Los primeros burgueses fueron verdaderos Cronócratas que lograron imponer el interés en que la fábrica no pare nunca y la turnicidad frente al bienestar obrero. Max Weber recurrió a la motivación teológica para explicar el masoquismo tolerante del trabajador con esa mala vida industrial. Producir plusvalía sacrificando el cuerpo al trabajo es el camino de salvación que preside el ethos del capitalismo.
Desde luego que la historia de sumisión al tiempo del amo no fue un proceso idílico: la puntualidad y la sumisión al horario marcado por los relojes fue un proceso impuesto a golpes de guillotina por la Revolución Francesa. El gobierno jacobino si bien fracasó en imponer el nuevo calendario –brumario, vendimiario– logró imponer un horario estatal.
Algo hay de nostalgia por ese poder fáustico-jacobino en la orden estatal de cambiar de hora dos veces al año. Cada otoño y primavera, en toda Europa, las criaturas ministeriales ostentan su poder y ordenan un día burocrático de 23 0 25 horas según toque. Quien dude del poder de las palabras estatales para hacer cosas en la intimidad de su cama, tiene en los cambios estacionales una buena prueba para creer. Cuando en abril el despertador suene a la hora de siempre, el anticipado sol de primavera que compensa el esfuerzo de dejar la cama, se verá sustituido por la oscuridad y la deuda de sueño, repitiéndose a la inversa en octubre. Donde hay poder, no manda naturaleza.
Otro ministerio me envía cada año una hoja de vida laboral. Esa vida difícilmente la soportaría sin el horizonte del retiro.
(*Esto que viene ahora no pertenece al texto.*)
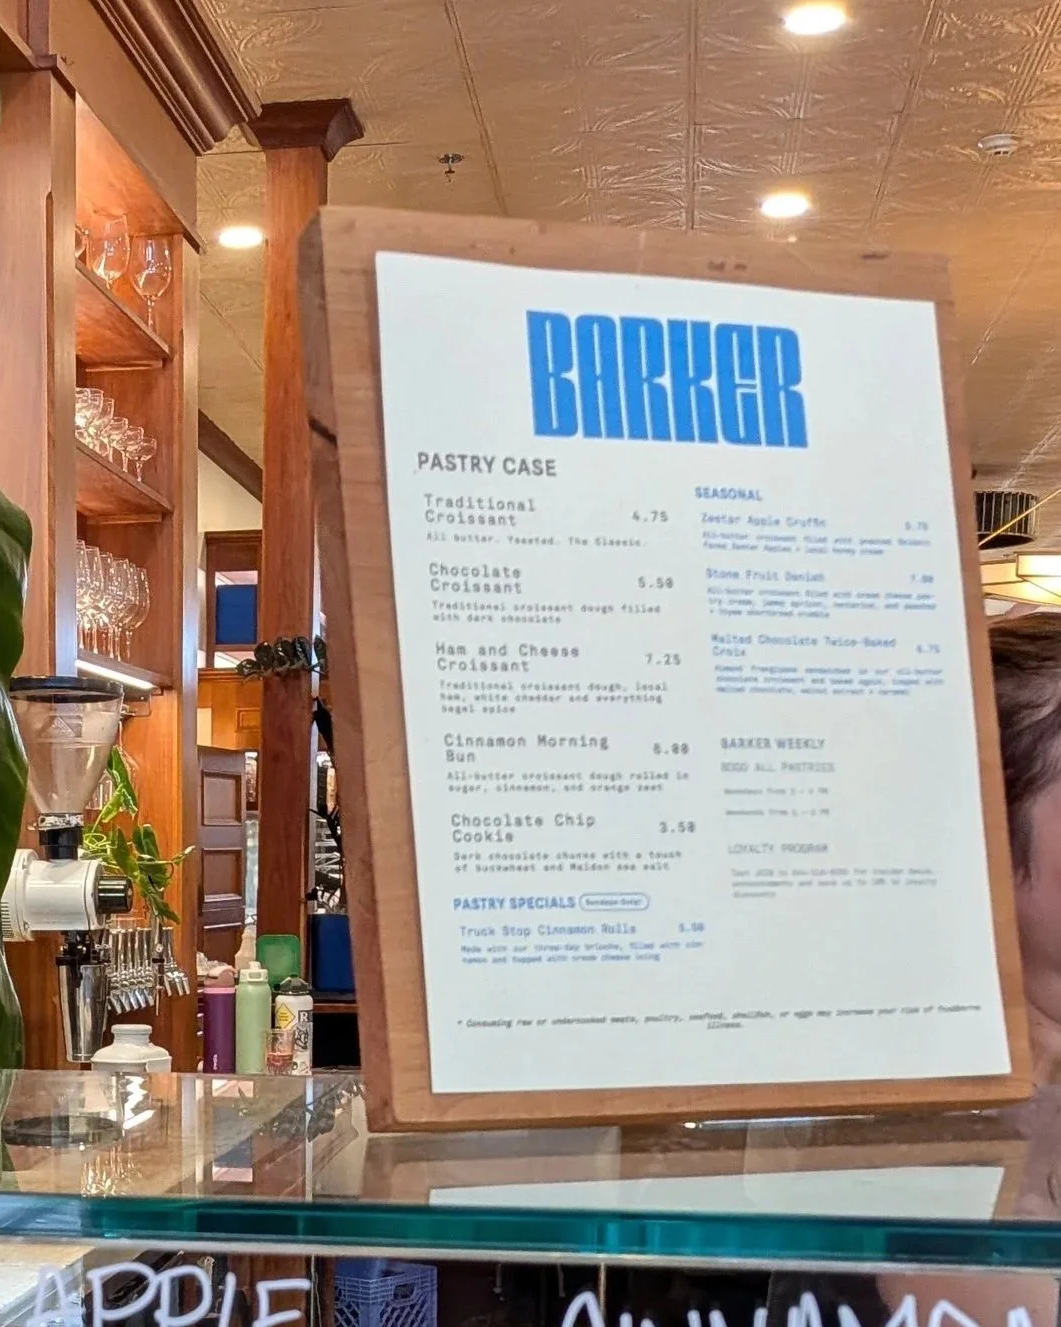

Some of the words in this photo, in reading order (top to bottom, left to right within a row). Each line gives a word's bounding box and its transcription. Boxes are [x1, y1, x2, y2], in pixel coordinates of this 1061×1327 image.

[526, 310, 809, 449] BARKER
[417, 453, 495, 473] PASTRY
[503, 458, 557, 476] CASE
[695, 487, 763, 501] SEASONAL
[424, 494, 537, 512] Traditional
[425, 510, 516, 526] Croissant
[632, 511, 668, 523] 4.75
[748, 516, 780, 527] Apple
[426, 533, 446, 541] All
[569, 537, 587, 546] The
[595, 537, 645, 547] Classic.
[429, 563, 521, 578] Chocolate
[706, 568, 739, 579] Stone
[746, 570, 778, 580] Fruit
[785, 571, 824, 582] Danish
[431, 579, 522, 594] Croissant
[638, 577, 674, 589] 5.50
[433, 601, 505, 611] Traditional
[514, 603, 573, 612] croissant
[581, 604, 614, 614] dough
[621, 604, 661, 613] filled
[433, 613, 459, 621] with
[467, 614, 493, 622] dark
[501, 614, 561, 623] chocolate
[711, 634, 751, 645] Malted
[758, 635, 818, 646] Chocolate
[436, 642, 466, 656] Ham
[478, 643, 507, 656] and
[519, 644, 579, 657] Cheese
[437, 658, 529, 672] Croissant
[645, 654, 681, 665] 7.25
[440, 680, 513, 690] Traditional
[521, 682, 581, 691] croissant
[635, 682, 668, 691] local
[474, 693, 507, 702] white
[515, 694, 561, 702] cheddar
[569, 694, 588, 702] and
[596, 694, 662, 704] everything
[442, 705, 474, 714] bagel
[483, 705, 515, 713] spice
[444, 734, 526, 747] Cinnamon
[537, 735, 609, 750] Morning
[721, 738, 771, 749] BARKER
[776, 738, 825, 749] WEEKLY
[446, 749, 475, 763] Bun
[754, 763, 776, 772] ALL
[781, 763, 835, 773] PASTRIES
[522, 772, 582, 780] croissant
[589, 772, 622, 782] dough
[630, 772, 669, 780] rolled
[677, 772, 688, 780] in
[590, 784, 630, 793] orange
[451, 814, 543, 827] Chocolate
[554, 814, 595, 828] Chip
[659, 822, 696, 833] 3.50
[452, 830, 513, 843] Cookie
[453, 898, 504, 910] PASTRY
[509, 896, 576, 909] SPECIALS
[460, 926, 496, 937] Truck
[502, 925, 530, 938] Stop
[538, 925, 595, 935] Cinnamon
[601, 924, 636, 934] Rolls
La jubilación, la aceptación por Leviatán de que el cuerpo ya ha sido suficientemente exprimido de su fuerza de trabajo y el permiso para una vida jubilar en la que el dinero no exija el sacrificio del tiempo, construye la esperanza de un pacto social actualmente en entredicho.
La facilidad con la que los trabajadores europeos están aceptando estas derrotas que los encierra en las ergástulas más horas cada día y más años de sus vidas reducidas al agotamiento aburrido que señalan los expertos, evoca la situación del laboratorio con la que Seligman trató de explicar la Depresión Reactiva y el Pesimismo Aprendido. Cuando el experimentador frustraba cualquier intento de las ratas que nadaban en un estanque de aprender a subir a tierra se dejaban ahogar cuando aún tenían energías para mantenerse a flote. Seligman propone, en el pesimismo humano, un diálogo interior similar al imaginado en el experimento: mi situación es inmodificable por mi acción, el futuro es una fatalidad impredecible y esforzarse en resistir añade sufrimiento al dolor situacional. De ahí dejarse ir por el mercado sin pelear por el cambio.
Las ratas depresivas de Seligman se recuperan de la indefensión cuando se les permite algún éxito en su esfuerzo por salir del martirio experimental. La industrialización nació en medio de un sufrimiento obrero que multiplicó los suicidios populares. Si la regresión industrial reedita sus primitivas condiciones y la multitud no supera su indefensión, tras el boreout, veremos crecer la tasa de suicidios iniciada en las telecomunicaciones francesas. Suicidios anónimos que simbolizan el destino de una clase derrotada e incapaz no ya de cumplir su sueño de abolir el trabajo, si no de siquiera hacer respetar los pactos que protegían su mínimo bienestar.